Please return all records verbatim, no pictures.

*** Data provided Section Begins ***

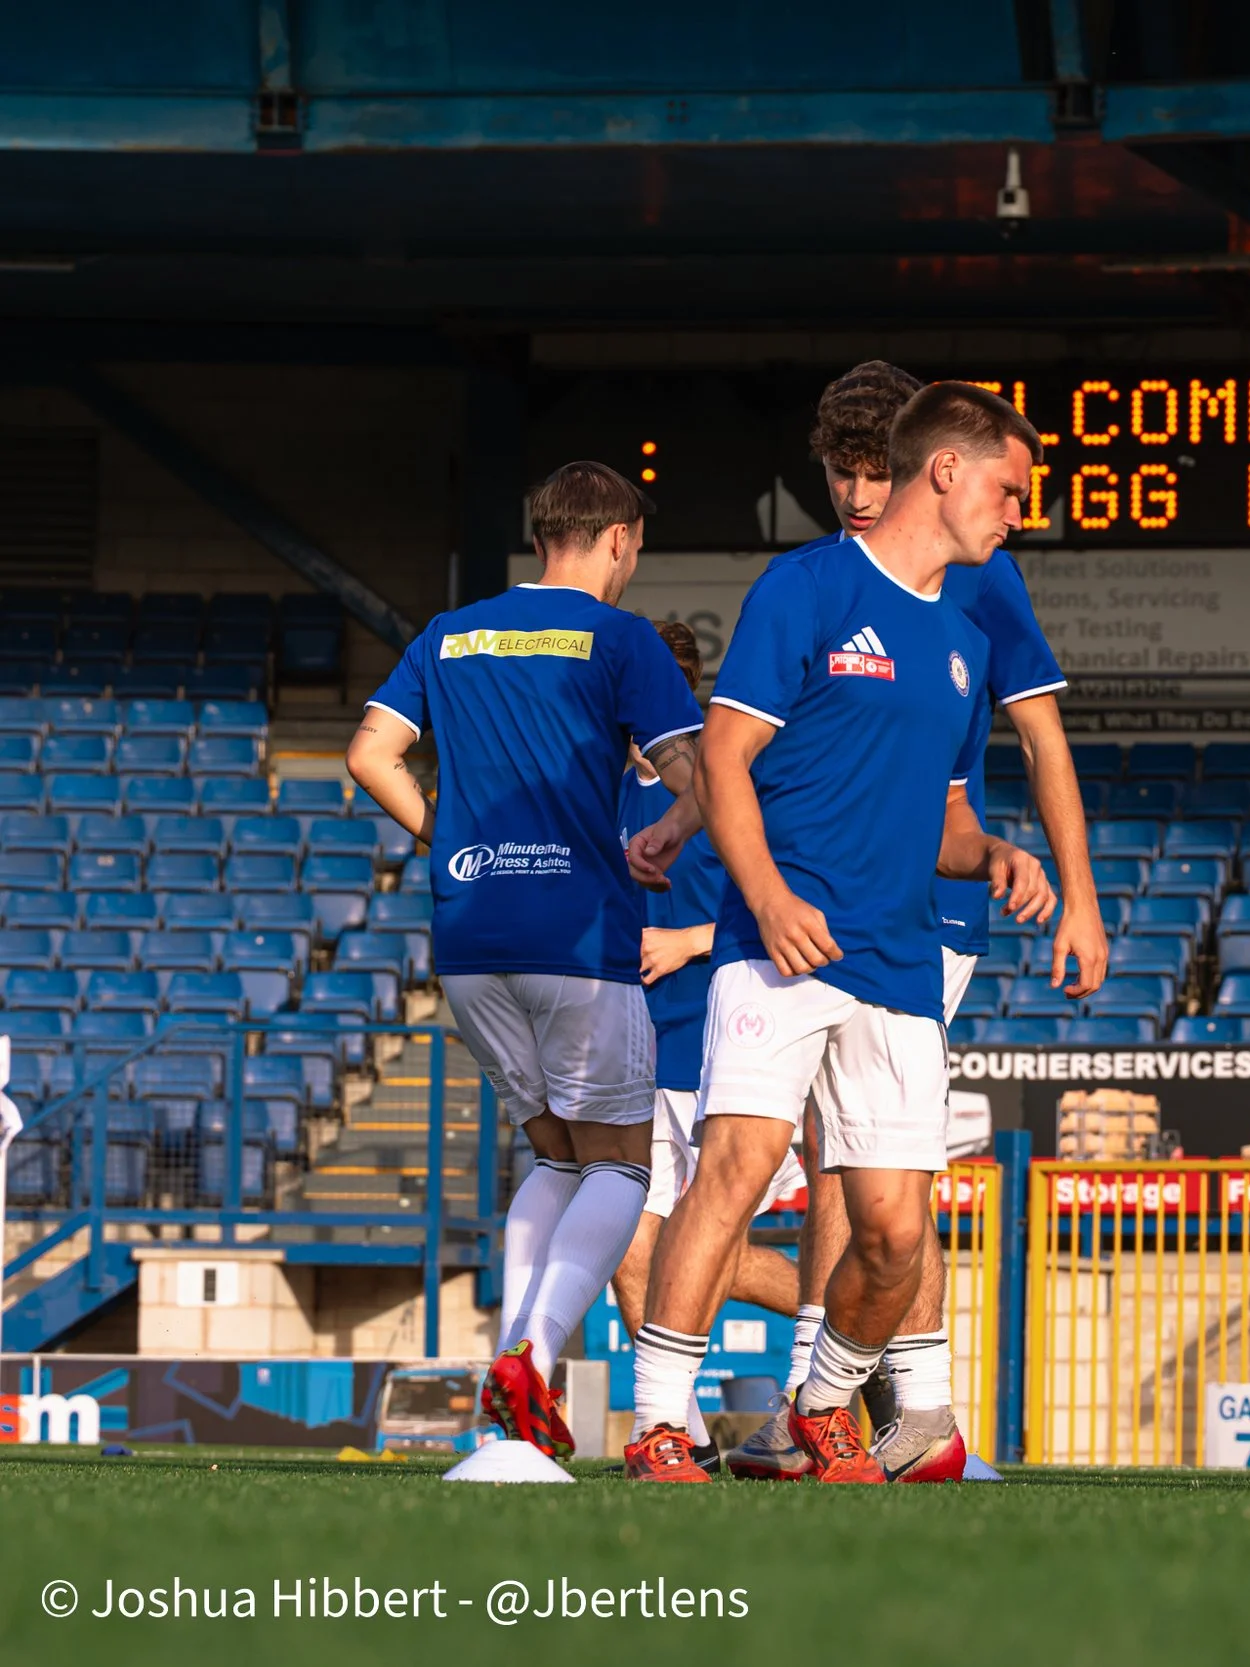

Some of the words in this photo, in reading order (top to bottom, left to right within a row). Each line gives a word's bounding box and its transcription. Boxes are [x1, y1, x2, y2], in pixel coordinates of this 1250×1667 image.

[1022, 463, 1178, 530] IGG
[1027, 556, 1087, 580] Fleet
[1095, 556, 1213, 580] Solutions
[1030, 586, 1099, 613] tions,
[1106, 586, 1222, 613] Servicing
[1075, 616, 1164, 642] Testing
[498, 637, 589, 654] ELECTRICAL
[1157, 646, 1250, 674] Repairs
[496, 842, 571, 857] Minuteman
[492, 856, 530, 870] Press
[532, 857, 571, 869] Ashton
[1056, 1177, 1182, 1210] Storage
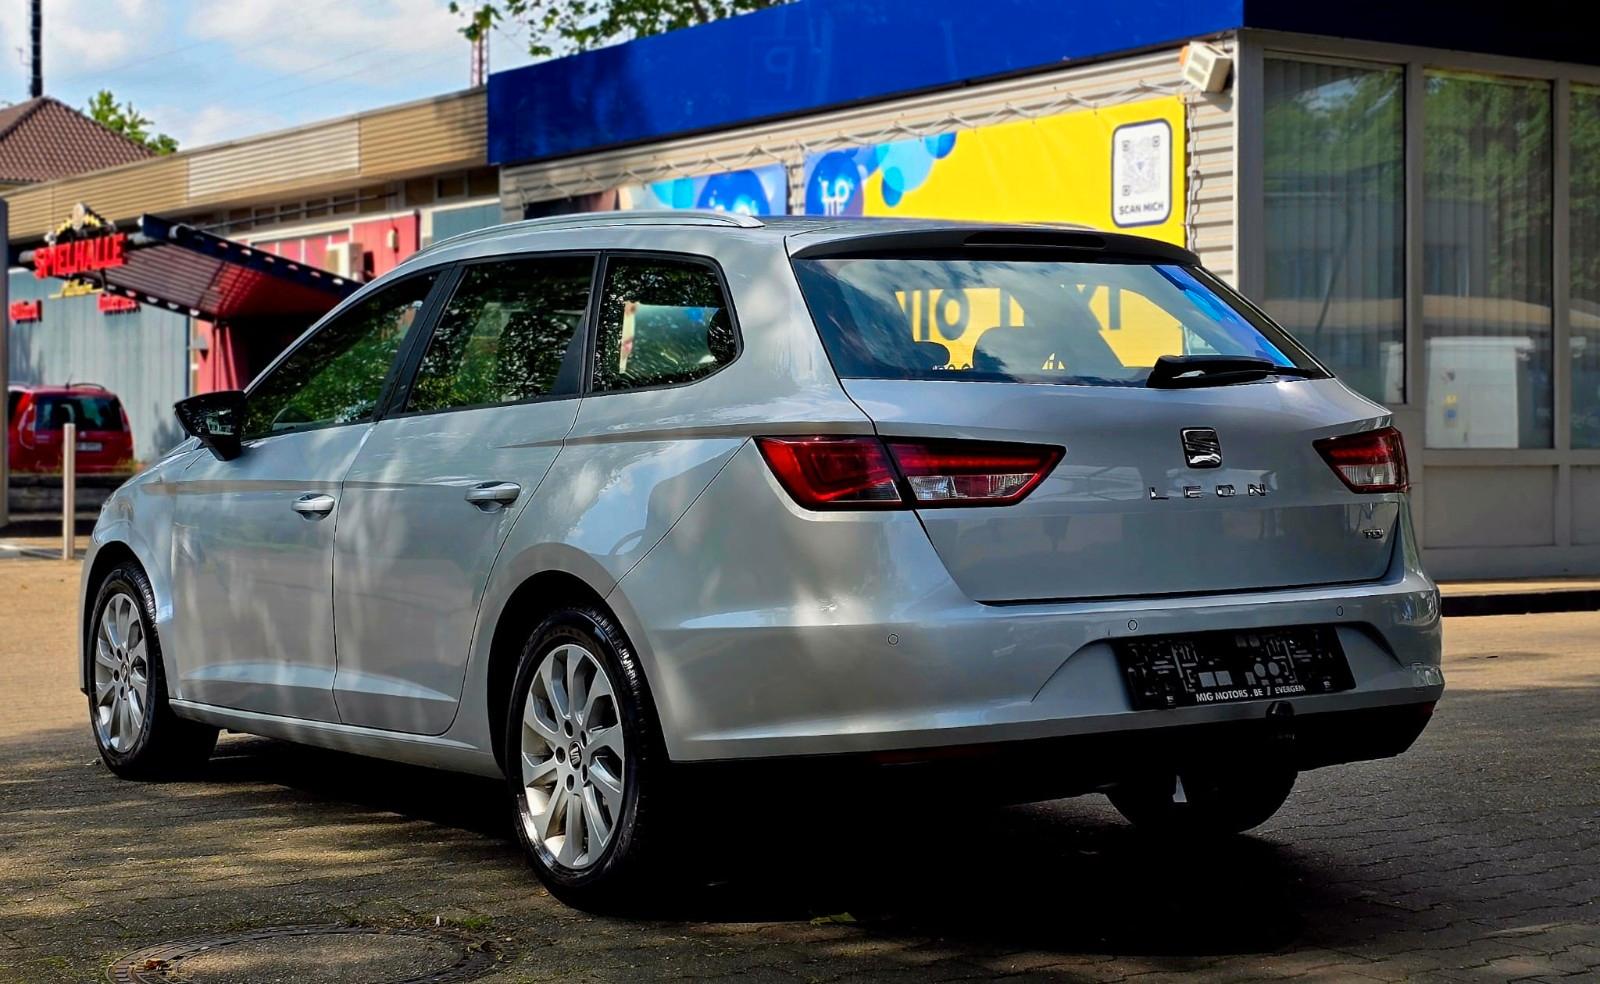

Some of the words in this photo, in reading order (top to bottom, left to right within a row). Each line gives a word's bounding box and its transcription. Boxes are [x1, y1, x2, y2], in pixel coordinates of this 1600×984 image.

*** Data provided Section Ends ***

* Task answer *
Some of the words in this photo, in reading order (top to bottom, left to right within a row). Each line gives a word's bounding box and its transcription. Boxes are [x1, y1, x2, y2], in pixel coordinates of this 1250×1667 image.

[1022, 463, 1178, 530] IGG
[1027, 556, 1087, 580] Fleet
[1095, 556, 1213, 580] Solutions
[1030, 586, 1099, 613] tions,
[1106, 586, 1222, 613] Servicing
[1075, 616, 1164, 642] Testing
[498, 637, 589, 654] ELECTRICAL
[1157, 646, 1250, 674] Repairs
[496, 842, 571, 857] Minuteman
[492, 856, 530, 870] Press
[532, 857, 571, 869] Ashton
[1056, 1177, 1182, 1210] Storage

Some of the words in this photo, in reading order (top to bottom, left to right within a row). Each line gives a word's bounding box and its transcription. Boxes are [x1, y1, x2, y2], in pixel coordinates of this 1600×984 image.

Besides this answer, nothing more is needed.